Accordingly, the main aspects of initiating a C.R.C.P. 106(a)(4) action are:
(1) the filing of a complaint seeking review of the decision within 28 days of the local governing body’s decision being rendered;
(2) determining what materials and documents should be part of the record and requesting certification of the record as prescribed under C.R.C.P. 106(a)(4)(IV);
(3) if necessary, requesting a stay of the underlying decision pending resolution of the review as permitted under C.R.C.P. 106(a)(4)(V); and
(4) filing the opening and reply briefs in the time frame prescribed by C.R.C.P. 106(a)(4)(VII).
Further, where a stay of the underlying decision is requested under C.R.C.P. 106(a)(4)(V), the stay will be granted pursuant to C.R.C.P. 65 and may require the posting of a security bond representative of the potential harm and damages that may be incurred if the underlying decision is affirmed. If a security bond is required but is not posted, the C.R.C.P. 106(a)(4) action may proceed; however, the defendant will not be prevented from enforcing or acting on the decision since no stay will be issued.
Application of C.R.C.P. 106(a)(4) to Quasi-Judicial Zoning Decisions in Colorado
Where a quasi-judicial decision has been made by a local governing body and a C.R.C.P. 106(a)(4) action has been properly filed, the reviewing court will review the local governing body’s decision for an abuse of discretion.
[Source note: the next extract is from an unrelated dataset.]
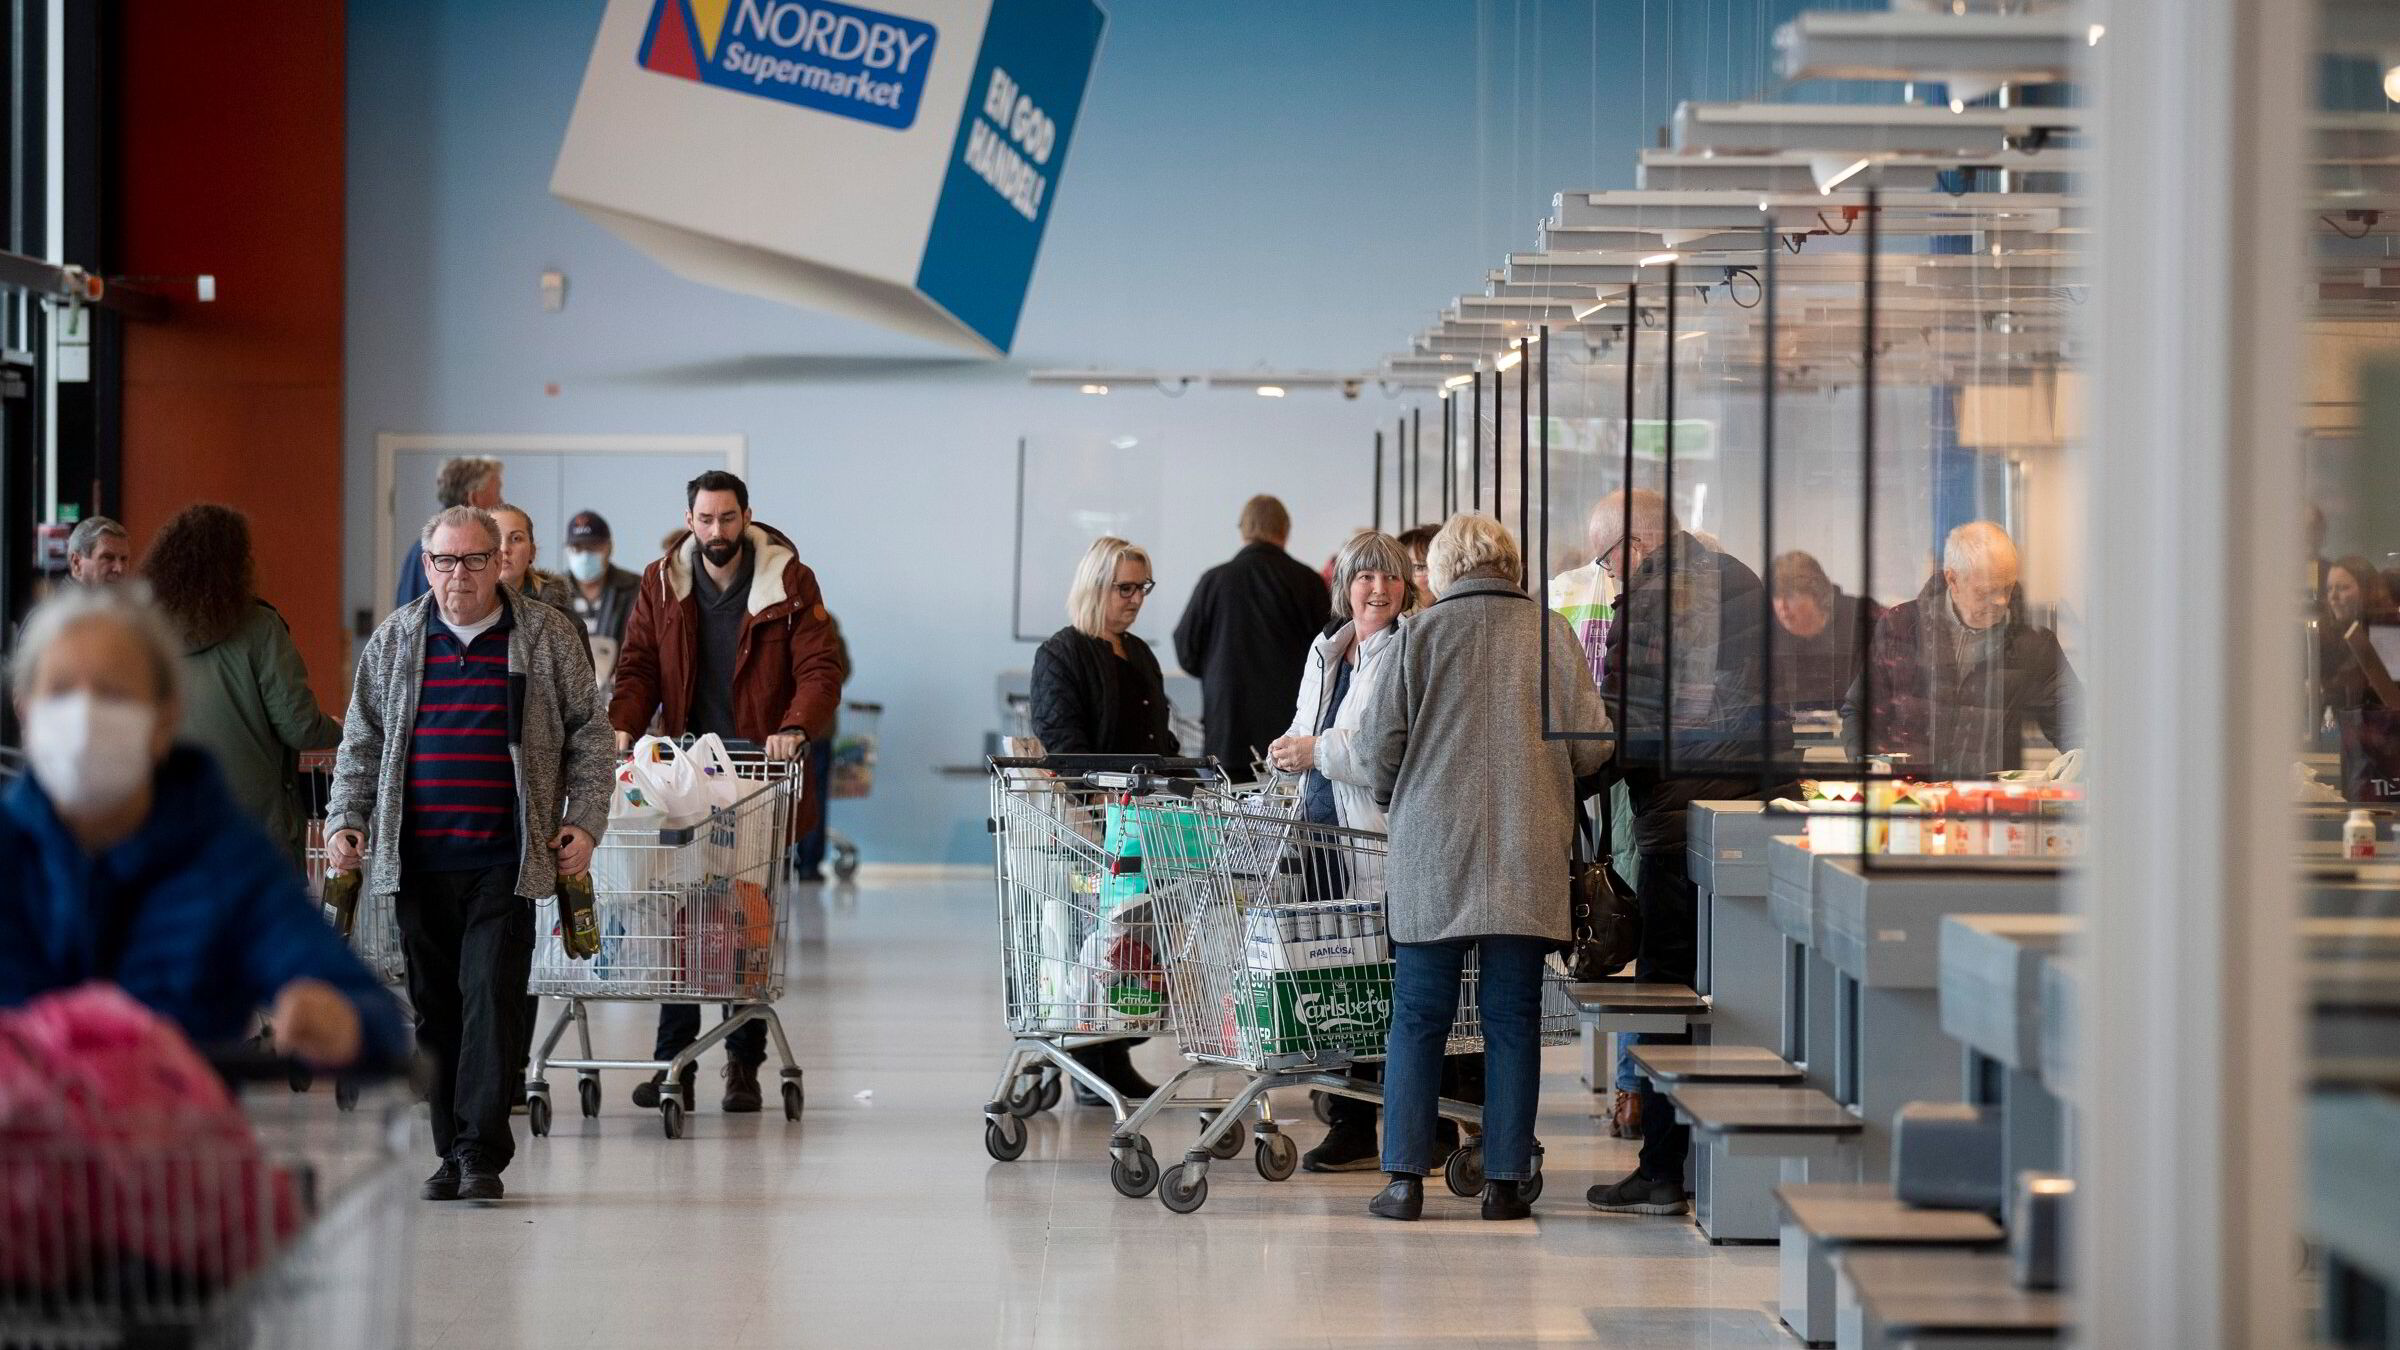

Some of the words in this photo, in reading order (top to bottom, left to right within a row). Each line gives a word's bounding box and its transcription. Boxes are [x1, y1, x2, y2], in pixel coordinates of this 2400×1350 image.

If an abuse of discretion is found the local governing body’s decision will be overturned; otherwise, the decision will be affirmed.
Litigating a C.R.C.P. 106(a)(4) can be a complex task as the case subject matter frequently varies and there are many nuances in the relevant case law. Specific application of C.R.C.P. 106(a)(4) to zoning decisions, and requirements and considerations in litigating zoning decision actions include:
– Whether or not the decision qualifies as a quasi-judicial decision eligible for review under C.R.C.P. 106(a)(4);
– Whether the appropriate parties have been named in the action;
– Whether the plaintiff has standing to bring a C.R.C.P. 106(a)(4) action;
– Identifying the record for review in a C.R.C.P. 106(a)(4) action;
– The abuse of discretion standard in C.R.C.P. 106(a)(4) actions; and
– Whether the action has become moot due to subsequent changes in events.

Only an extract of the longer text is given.